Second Worker at the Military Records Center in St. Louis Sentenced

National Record Center St Louisby Charlton “Chuck” Stanley, Weekend Contributor

Last week, I reported on the deliberate misfiling, destruction, and throwing away files at the Records Center in St. Louis.  Although an audit showed several employees were outside normal limits for error rates, only two were serious enough to warrant charges.

As I described in the earlier story last week, one of the men, 28-year-old Lonnie Halkmon, entered a guilty plea to a misdemeanor charge of destruction of government records. Halkmon was sentenced to forty hours of community service and two years probation. He could have gotten up to six months in jail on that charge.

Engram was responsible for the destruction of more than a thousand records. He destroyed some of them, threw 241 away in the woods near the Center, and took others home with him where he tossed them in the trash.

Yesterday, the second defendant, 21-year-old Stanley Engram was given an identical sentence by U.S. Magistrate Judge Terry Adelman.  At the sentencing, Judge Adelman told Engram, “There was no reason for this. Veterans depend on the records for pension and disability benefits.”
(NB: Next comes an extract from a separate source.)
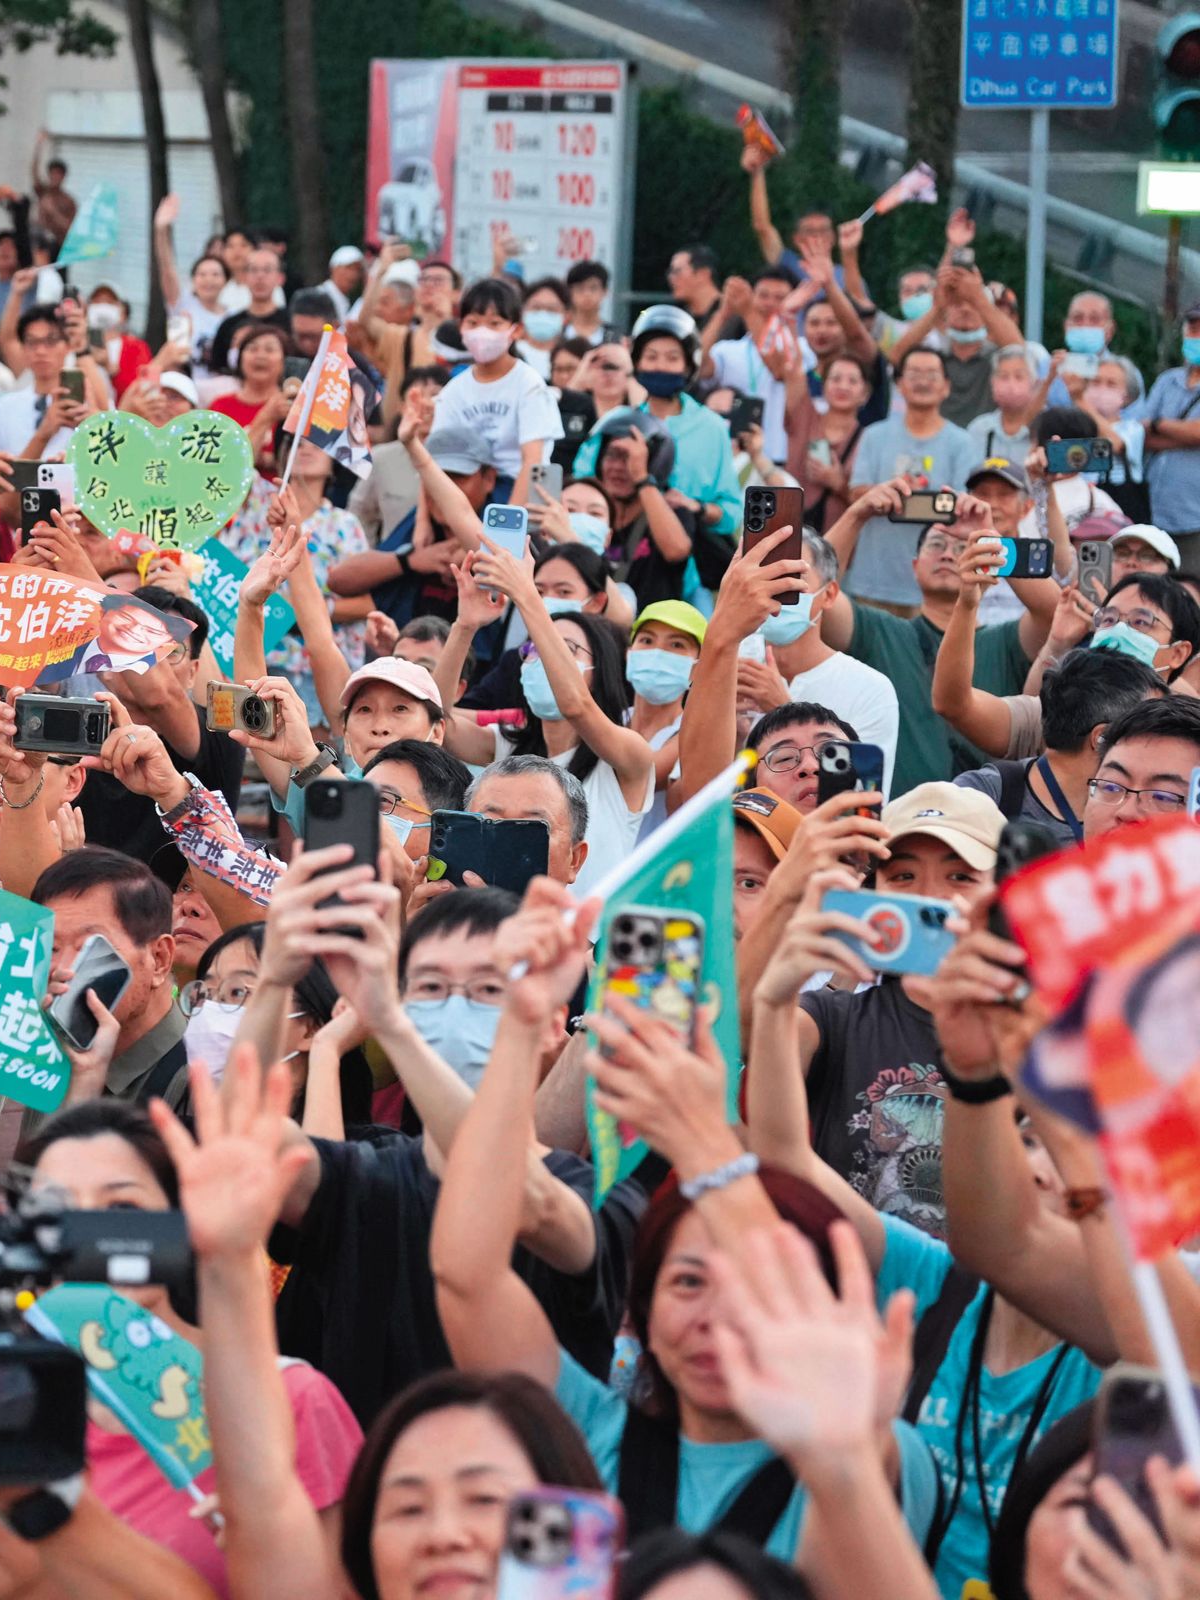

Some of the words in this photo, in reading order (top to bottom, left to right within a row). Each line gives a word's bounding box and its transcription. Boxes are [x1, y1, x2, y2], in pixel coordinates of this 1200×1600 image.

[973, 32, 1108, 58] 平面停車場
[1026, 78, 1056, 96] Car
[1066, 77, 1107, 96] Park
[4, 1056, 61, 1092] SOON
Engram’s lawyer, Eric Banks told Judge Adelman that his client has “…seen the error of his ways.”

Yeah, right.

The workers are given incentive pay for completing and closing out files. Obviously, management did not check with an industrial psychologist to see what could possibly go wrong when employee pay depends on how many files they close out.

Source: St. Louis Post-Dispatch

24 thoughts on “Second Worker at the Military Records Center in St. Louis Sentenced”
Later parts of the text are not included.